START SUPPLIED RECORDS

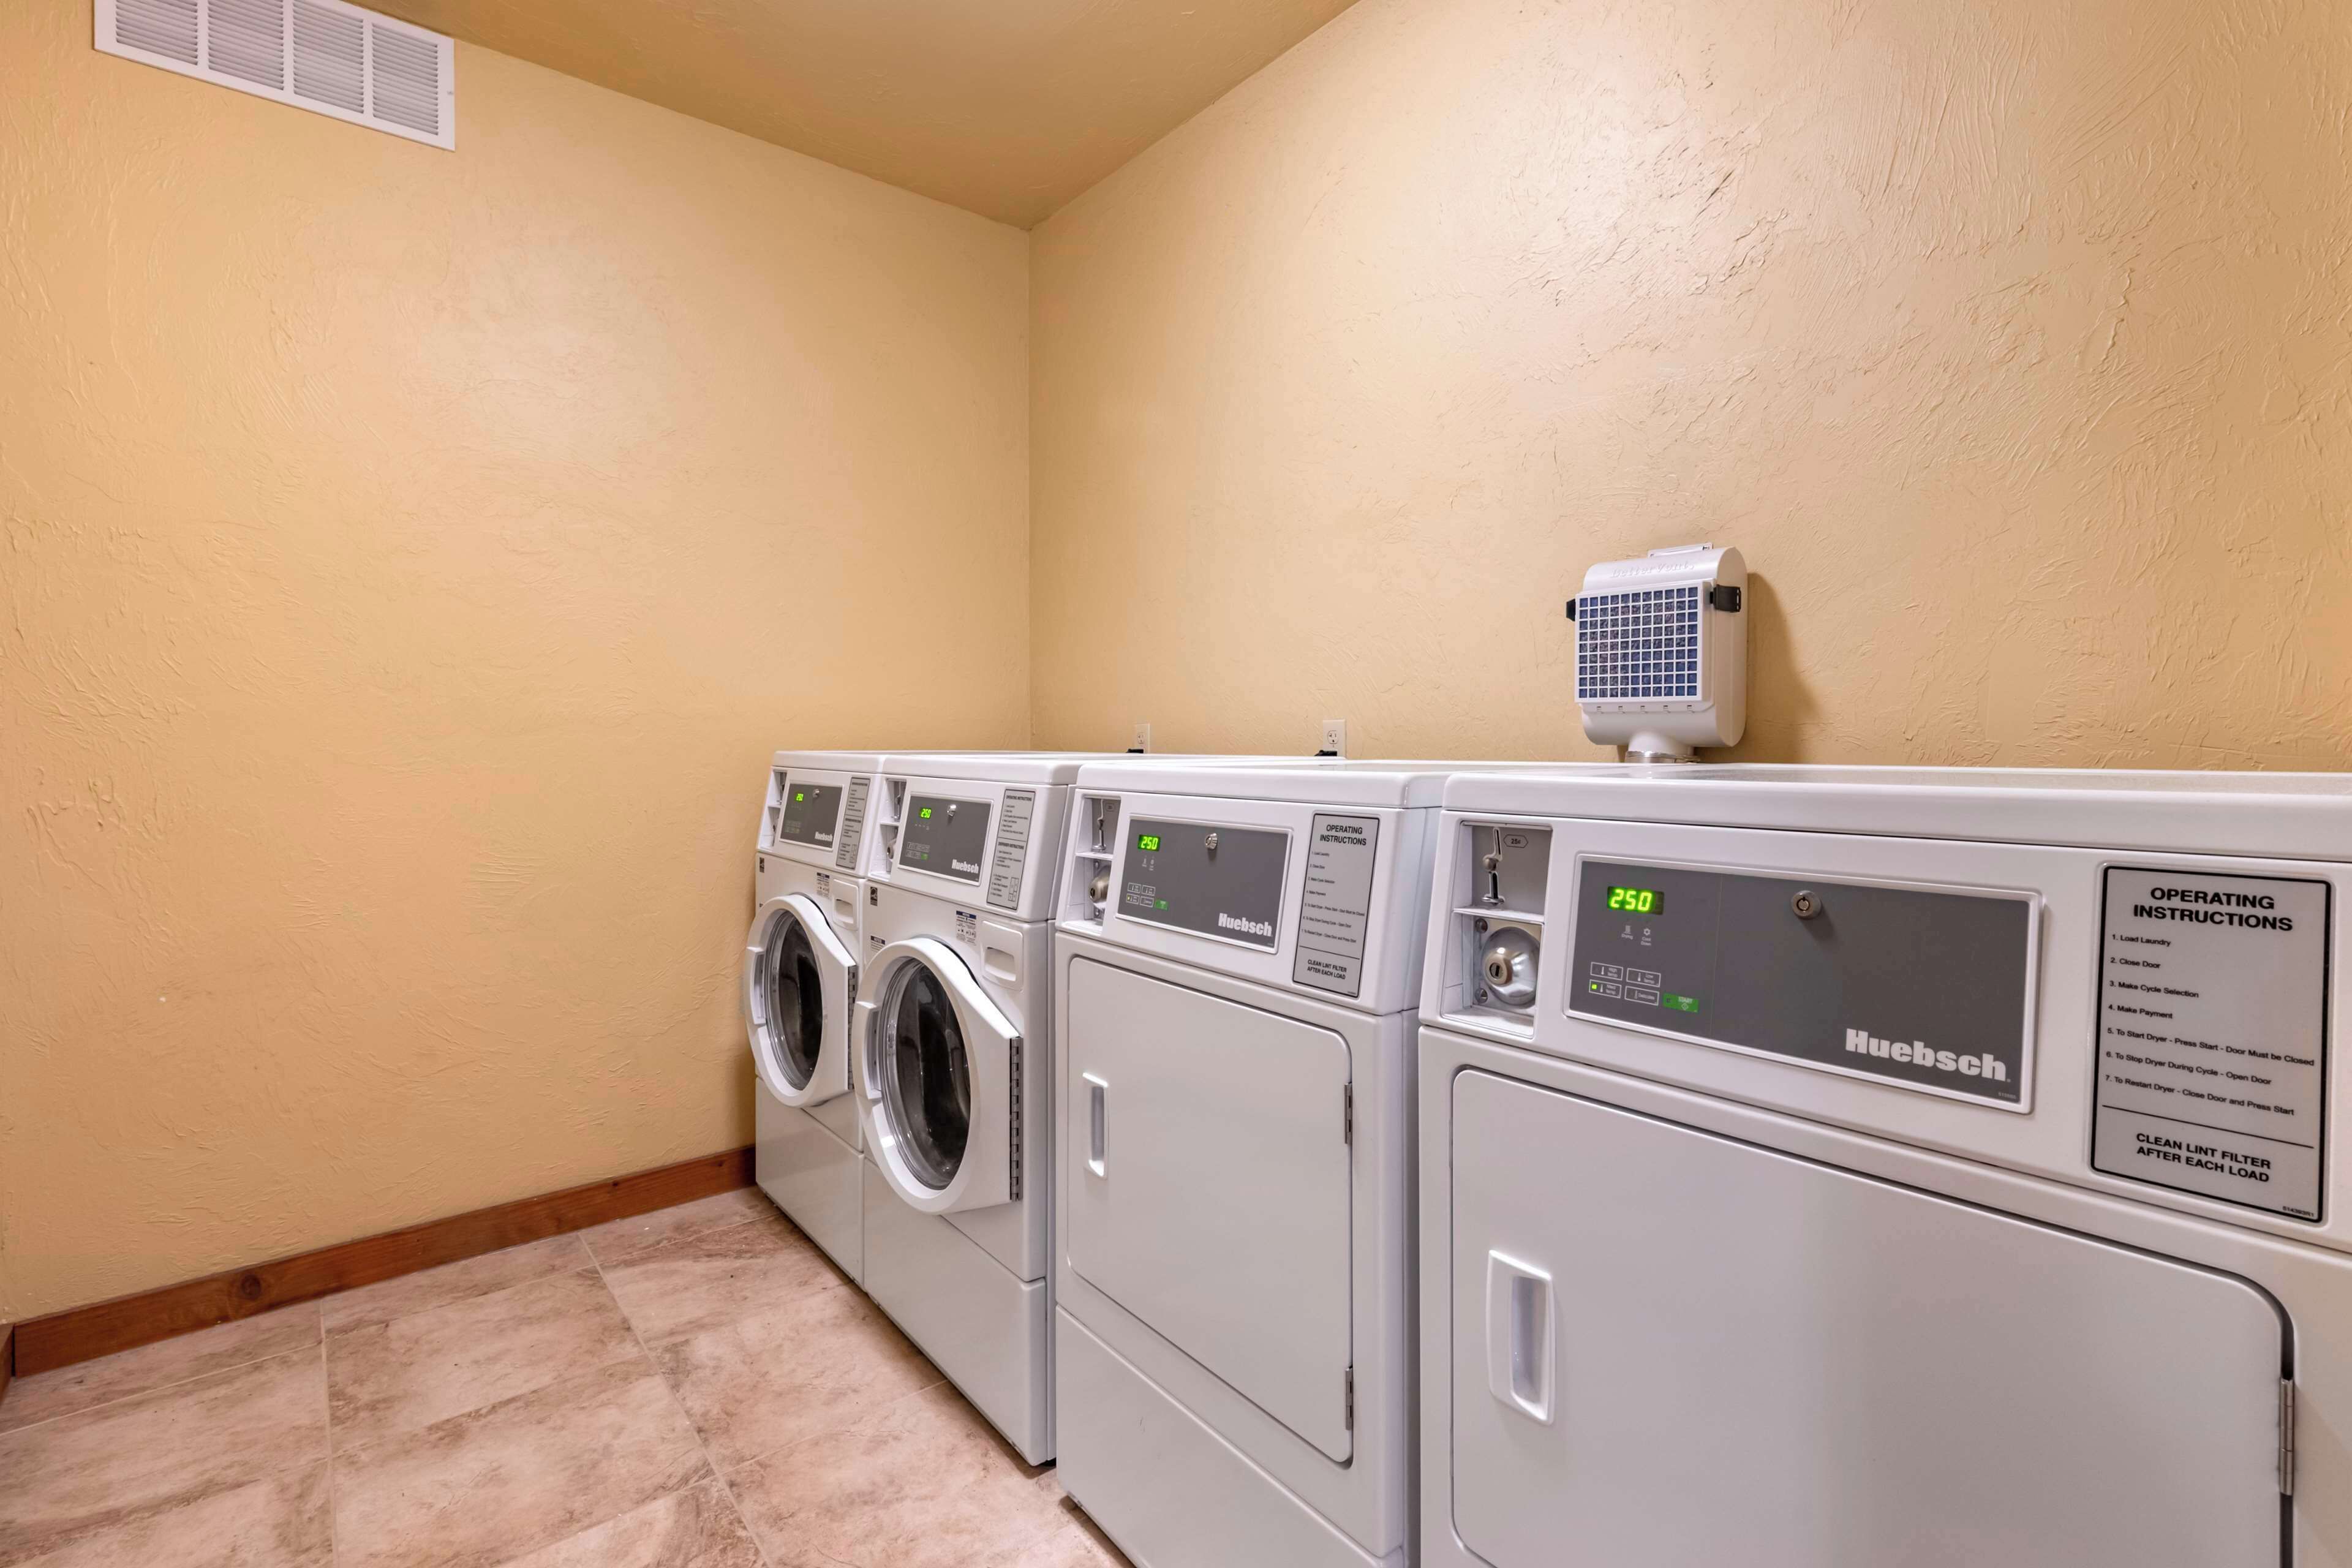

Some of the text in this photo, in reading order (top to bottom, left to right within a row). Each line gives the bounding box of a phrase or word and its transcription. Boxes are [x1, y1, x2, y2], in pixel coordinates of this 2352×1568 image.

[921, 809, 931, 818] 250
[1326, 824, 1363, 834] OPERATING
[1140, 836, 1159, 850] 250
[1320, 834, 1366, 846] INSTRUCTIONS
[952, 859, 979, 873] Huebsch
[1610, 889, 1653, 911] 250
[2150, 888, 2275, 909] OPERATING
[1218, 913, 1273, 937] Huebsch
[2133, 905, 2293, 931] INSTRUCTIONS
[2141, 937, 2171, 947] Laundry
[1308, 959, 1322, 968] CLEAN
[2119, 958, 2140, 967] Close
[2143, 960, 2161, 969] Door
[2140, 984, 2161, 993] Cycle
[2163, 987, 2199, 998] Selection
[2117, 1005, 2138, 1014] Make
[2139, 1008, 2173, 1019] Payment
[1845, 1028, 2006, 1082] Huebsch
[2127, 1030, 2145, 1039] Start
[2146, 1034, 2167, 1043] Dryer
[2174, 1038, 2196, 1047] Press
[2199, 1041, 2218, 1050] Start
[2226, 1046, 2246, 1055] Door
[2248, 1049, 2269, 1059] Must
[2284, 1055, 2314, 1066] Closed
[2126, 1054, 2143, 1063] Stop
[2145, 1057, 2166, 1067] Dryer
[2168, 1061, 2193, 1073] During
[2196, 1066, 2218, 1076] Cycle
[2226, 1071, 2248, 1080] Open
[2251, 1076, 2271, 1085] Door
[2125, 1078, 2152, 1089] Restart
[2154, 1084, 2174, 1093] Dryer
[2182, 1088, 2205, 1099] Close
[2207, 1093, 2227, 1102] Door
[2247, 1100, 2271, 1111] Press
[2274, 1105, 2294, 1116] Start
[2136, 1133, 2271, 1170] CLEAN LINT FILTER
[2136, 1146, 2269, 1182] AFTER EACH LOAD
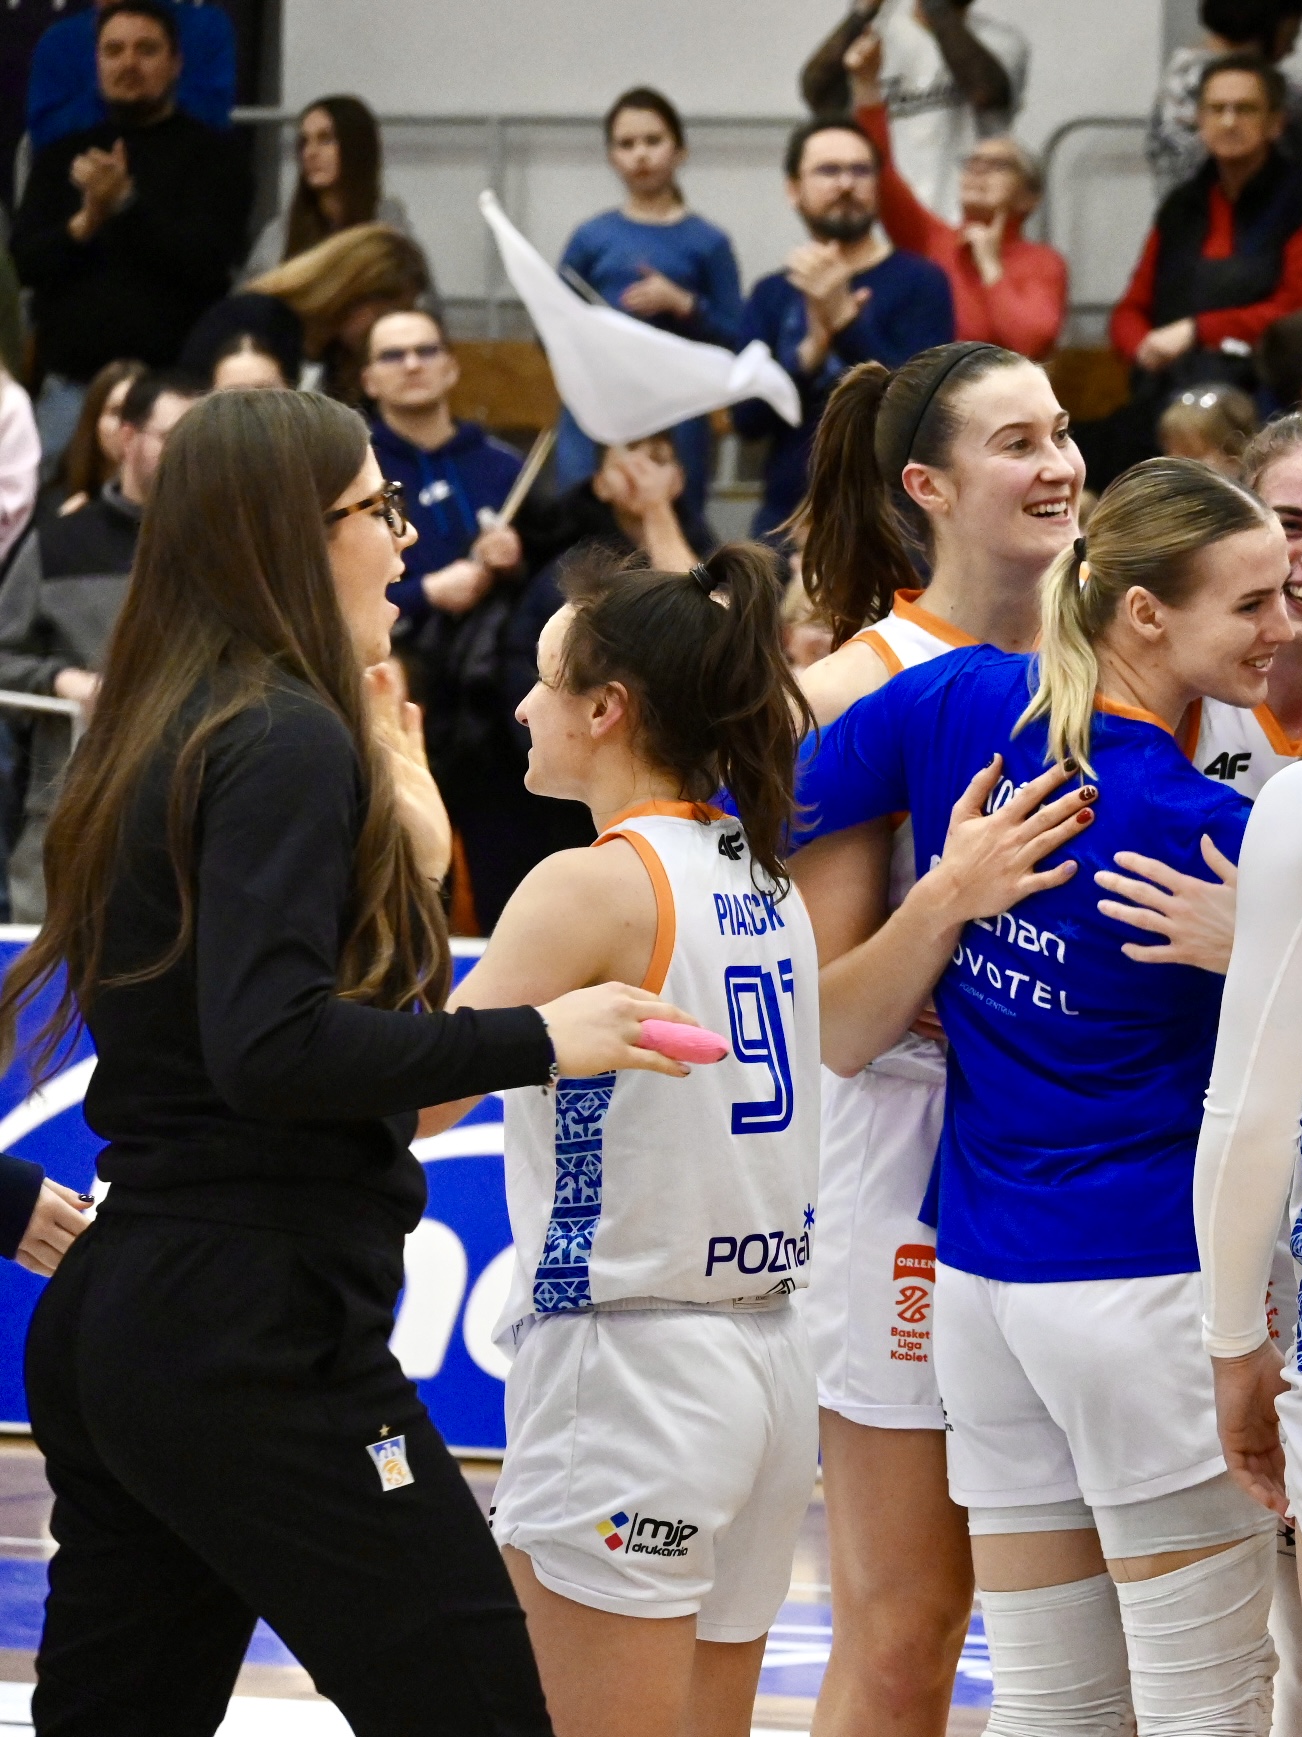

END SUPPLIED RECORDS

— WHAT IS BEING ASKED —
Pictures should be left out when the records above are restated exactly.

— ANSWER SECTION —
Some of the text in this photo, in reading order (top to bottom, left to right within a row). Each line gives the bounding box of a phrase or word and its transcription. Boxes are [x1, y1, x2, y2], in pixel coordinates of this 2352×1568 image.

[921, 809, 931, 818] 250
[1326, 824, 1363, 834] OPERATING
[1140, 836, 1159, 850] 250
[1320, 834, 1366, 846] INSTRUCTIONS
[952, 859, 979, 873] Huebsch
[1610, 889, 1653, 911] 250
[2150, 888, 2275, 909] OPERATING
[1218, 913, 1273, 937] Huebsch
[2133, 905, 2293, 931] INSTRUCTIONS
[2141, 937, 2171, 947] Laundry
[1308, 959, 1322, 968] CLEAN
[2119, 958, 2140, 967] Close
[2143, 960, 2161, 969] Door
[2140, 984, 2161, 993] Cycle
[2163, 987, 2199, 998] Selection
[2117, 1005, 2138, 1014] Make
[2139, 1008, 2173, 1019] Payment
[1845, 1028, 2006, 1082] Huebsch
[2127, 1030, 2145, 1039] Start
[2146, 1034, 2167, 1043] Dryer
[2174, 1038, 2196, 1047] Press
[2199, 1041, 2218, 1050] Start
[2226, 1046, 2246, 1055] Door
[2248, 1049, 2269, 1059] Must
[2284, 1055, 2314, 1066] Closed
[2126, 1054, 2143, 1063] Stop
[2145, 1057, 2166, 1067] Dryer
[2168, 1061, 2193, 1073] During
[2196, 1066, 2218, 1076] Cycle
[2226, 1071, 2248, 1080] Open
[2251, 1076, 2271, 1085] Door
[2125, 1078, 2152, 1089] Restart
[2154, 1084, 2174, 1093] Dryer
[2182, 1088, 2205, 1099] Close
[2207, 1093, 2227, 1102] Door
[2247, 1100, 2271, 1111] Press
[2274, 1105, 2294, 1116] Start
[2136, 1133, 2271, 1170] CLEAN LINT FILTER
[2136, 1146, 2269, 1182] AFTER EACH LOAD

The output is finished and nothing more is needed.